An overwhelming number of South Koreans fully recognize that if the country were to pursue a nuclear weaponization program, its economic demise would be inevitable. They argue that the only way to rally the cooperation from the US it needs to resolve strategic realities is through a clear commitment to the goal of a Korean peninsula without nuclear weapons. It’s because they are well aware that it would not only gain nothing but could lose everything.
The larger problem is that South Korea’s impressive contributions to global nuclear security and safety dialogue have failed to earn the country trust. There seem to be reasons for the US to assume that South Koreans are not going to lose their confidence once the US is keeping the alliance intact. But I’m just not sure that’s the right assumption. Furthermore, the US goes around the world telling countries that a few more nuclear warheads are threatening global safety and security, as if thousands of nuclear weapons of its own don’t matter.
It’s time to think again, not merely to recalibrate old formulas in order to recharge the 59-year-old alliance, given that South Korea’s strategy to raise its status of economic and military self-independence in international trade and regional security is well and truly underway.

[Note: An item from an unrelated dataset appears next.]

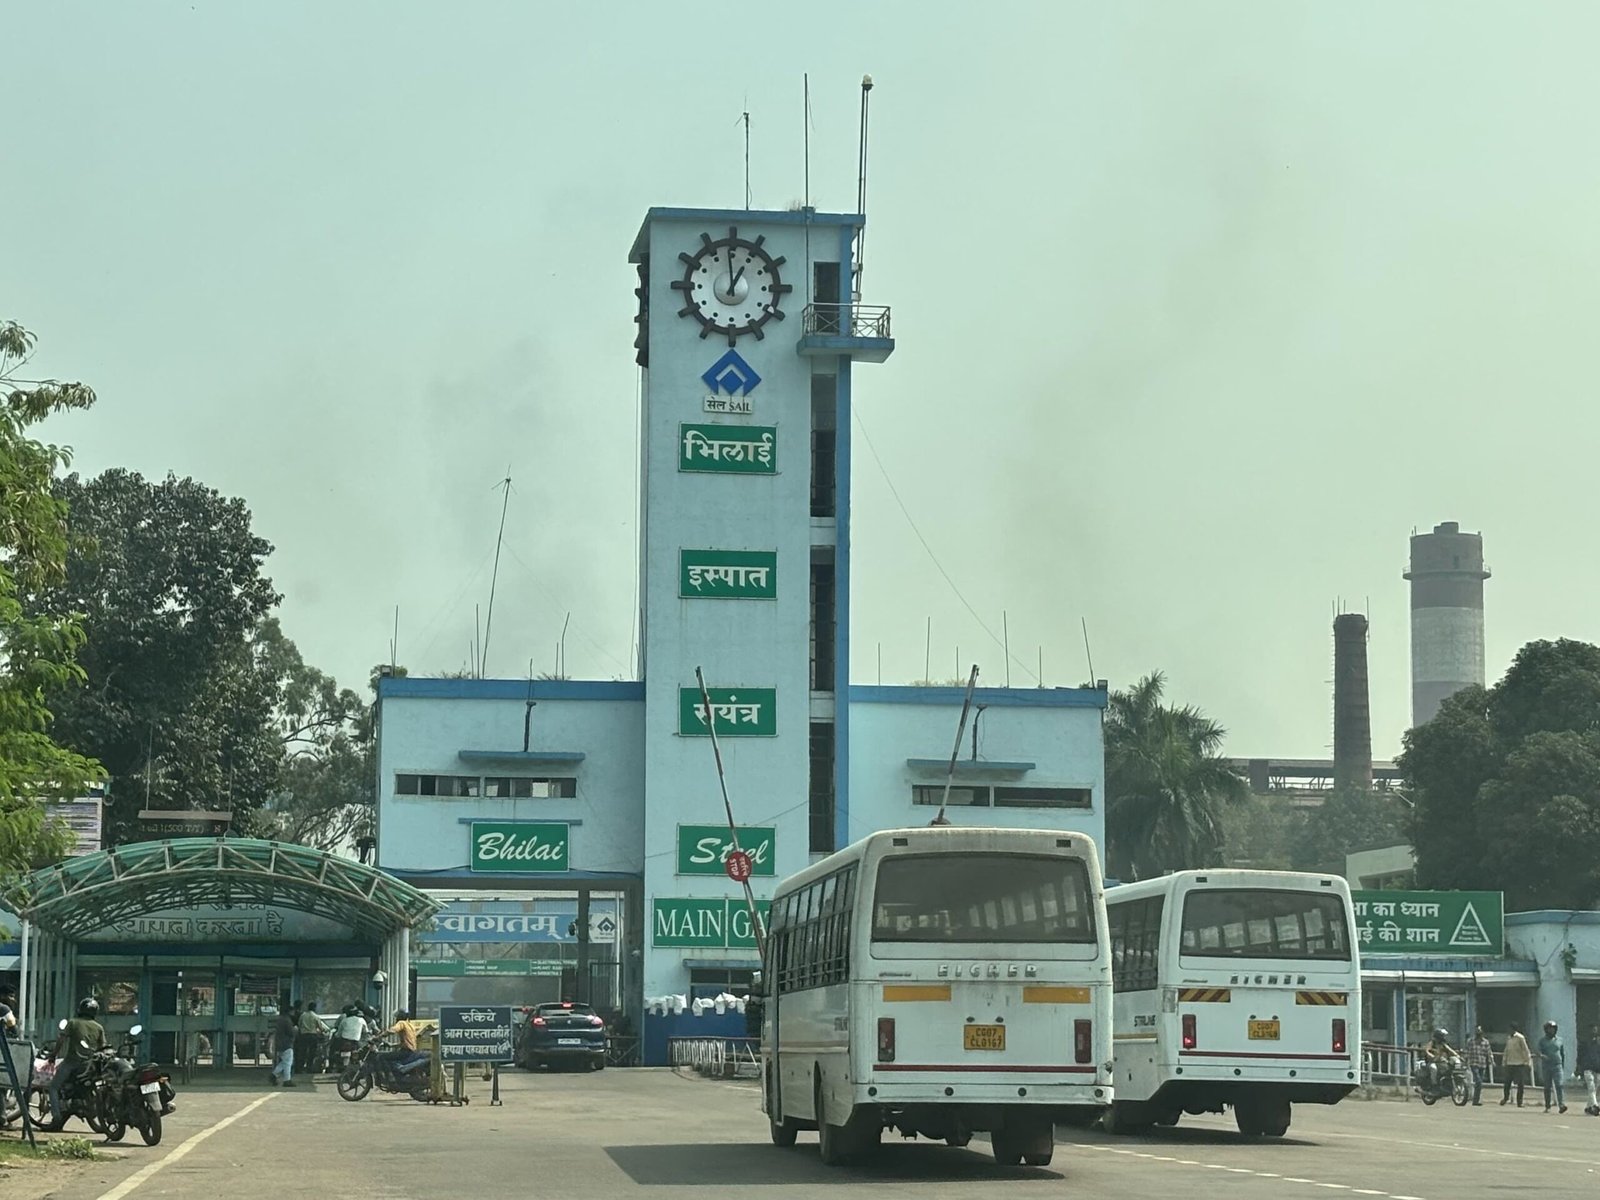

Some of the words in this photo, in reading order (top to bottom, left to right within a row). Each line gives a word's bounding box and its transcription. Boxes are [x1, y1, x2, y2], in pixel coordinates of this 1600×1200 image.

South Korea has invested a lot of diplomatic capital in strengthening the nonproliferation regime for the US in the face of domestic opposition from North Korea’s never-ending nuclear experiments.
It is thus urgent for the US to do what it can to help South Korea become a cheerleader for nonproliferation, as clearly evidenced in the Seoul Nuclear Security Summit. South Korea is a candidate for behaving as a cheerleader only if the US finds its loyal ally very different from other countries, such as North Korea and Iran, whose irrational behavior worries the US. Unlike these countries, which have ignored UN Security Council resolutions demanding they suspend nuclear experiments and uranium enrichment, South Korea is neither a nuclear daredevil nor the wolf in sheep’s clothing.
There is no question that South Korea’s sound nuclear expansion does not inherently pose a proliferation risk. With the headquarters of Samsung, Hyundai and LG located on the peninsula, South Korea feels no need to have a convenient cover for nuclear weapons.
On the contrary, South Korea as a democratic and transparent country with a perfect record of nonproliferation is a terrific admirer of the nuclear-free world mantra. The government will likely move with Americans to deter potential nuclear terrorism across the world. To this end, it is necessary to convince the US that South Korea’s nuclear enrichment and reprocessing would not gravely threaten either its regional security or the global one.
Nevertheless, the conventional wisdom is that South Korea needs to show more concrete evidence that its nonproliferation efforts are real and credible. The dominant view in Washington is that Seoul should be encouraged by giving it tangible signs of reciprocation. Taken together, confidence-building is going to be a long process.
Reliable and credible negotiations would not require the right to reprocess or enrichment immediately but only the transparent assurance that the two could make the world safe. By scoffing at nationalistic nuclear thinking, the two allies could enhance prospects for the nonproliferation regime. It is now up to the decision-makers of Seoul and Washington to come up with a bold agreement at the allegedly heyday of the alliance. None of this will simply emerge by itself, though.
(Lee Byong-Chul is a Senior Fellow at the Institute for Peace and Cooperation in Seoul and a frequent contributor to Asia Sentinel.)